ENTRIES PROVIDED:
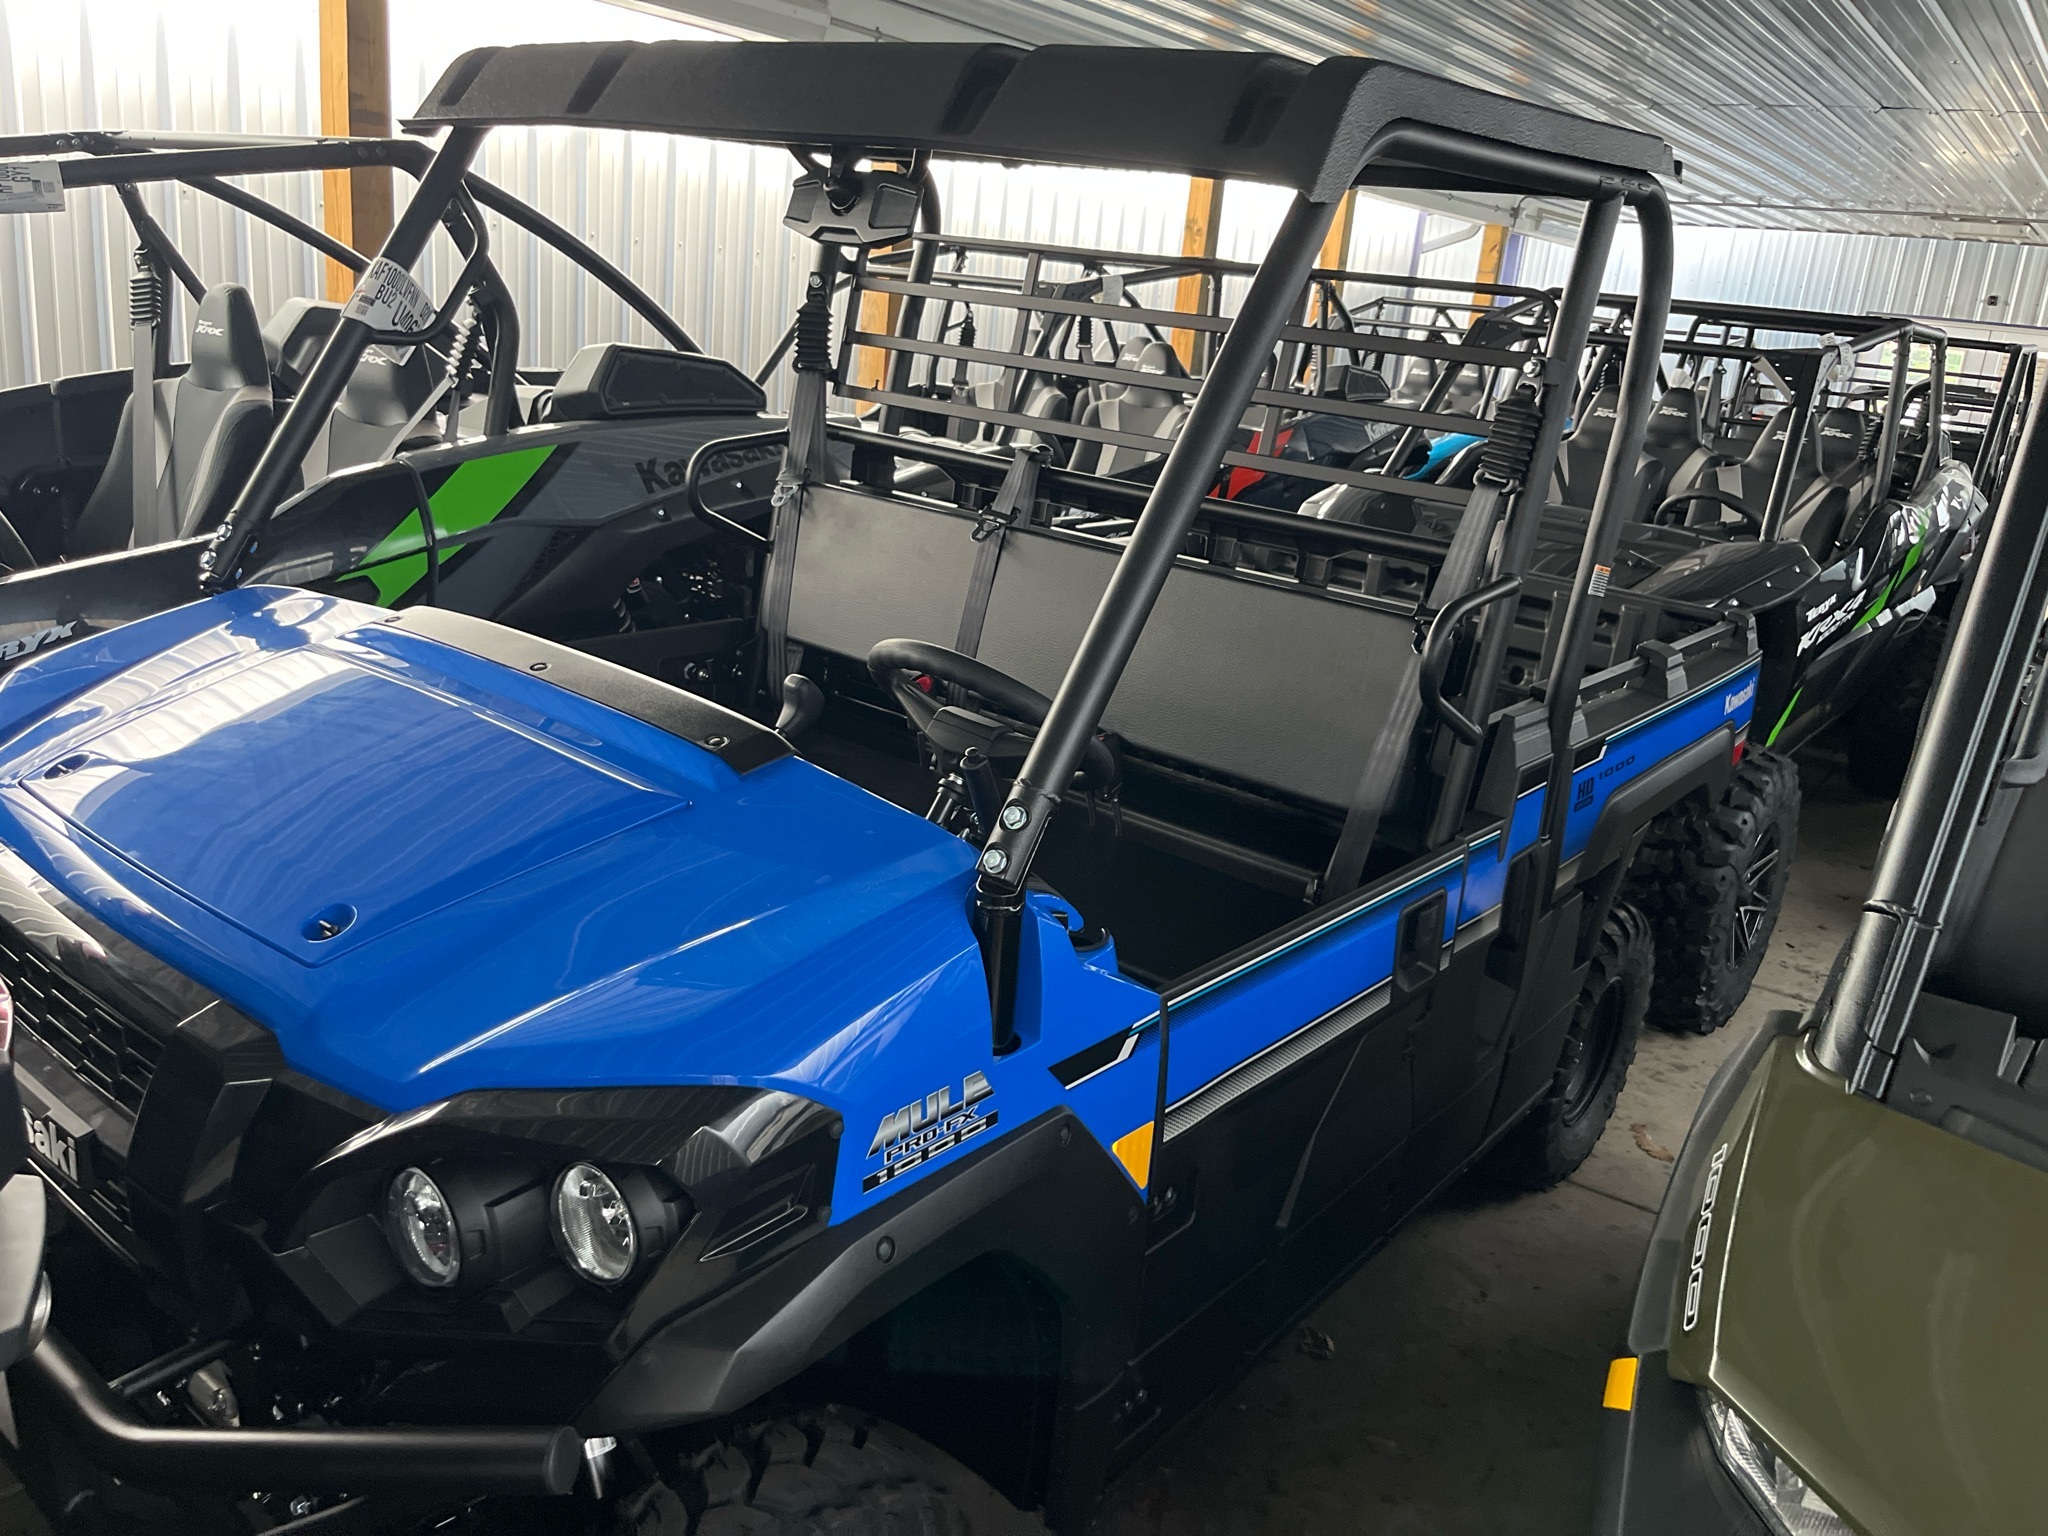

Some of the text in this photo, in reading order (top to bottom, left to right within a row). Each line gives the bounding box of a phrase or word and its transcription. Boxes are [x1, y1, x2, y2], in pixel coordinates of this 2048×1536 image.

[375, 284, 398, 309] BU2
[1576, 755, 1636, 801] HD 1000
[866, 1070, 995, 1161] MULE
[883, 1104, 980, 1166] PRO-FX
[876, 1116, 988, 1184] 1000
[1683, 1142, 1728, 1332] 1000
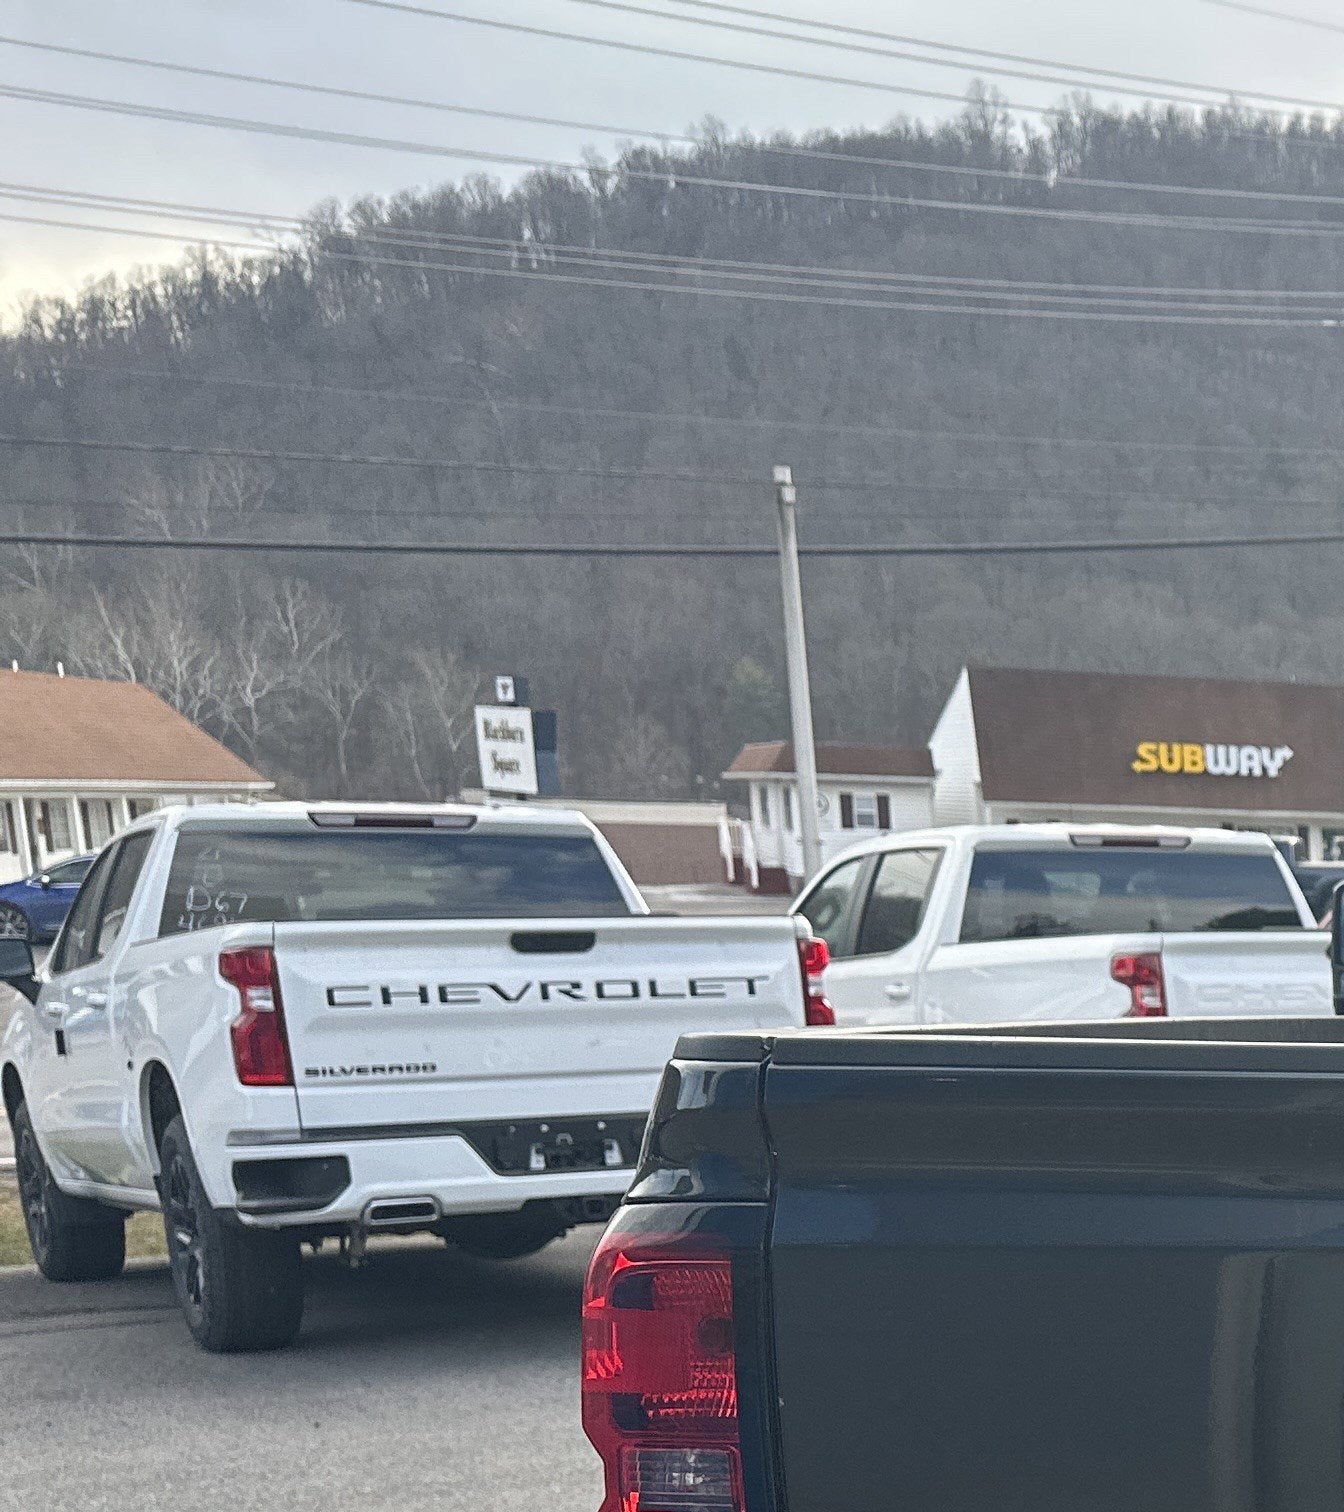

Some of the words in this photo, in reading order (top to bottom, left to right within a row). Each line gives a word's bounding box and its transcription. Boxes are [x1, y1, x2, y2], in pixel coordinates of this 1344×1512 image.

DIRECTIONS: When you retype the material above, copy each line exactly and drop whatever images appear in it.

SOLUTION TO THIS PROBLEM:
Some of the text in this photo, in reading order (top to bottom, left to right within a row). Each line gives the bounding box of a phrase or word and its transcription. Boxes are [x1, y1, x2, y2], in pixel coordinates of this 2048×1536 image.

[375, 284, 398, 309] BU2
[1576, 755, 1636, 801] HD 1000
[866, 1070, 995, 1161] MULE
[883, 1104, 980, 1166] PRO-FX
[876, 1116, 988, 1184] 1000
[1683, 1142, 1728, 1332] 1000

Some of the words in this photo, in reading order (top to bottom, left to right within a row). Each line gives a word's bounding box and its transcription. Boxes are [x1, y1, x2, y2], in pixel coordinates of this 1344×1512 image.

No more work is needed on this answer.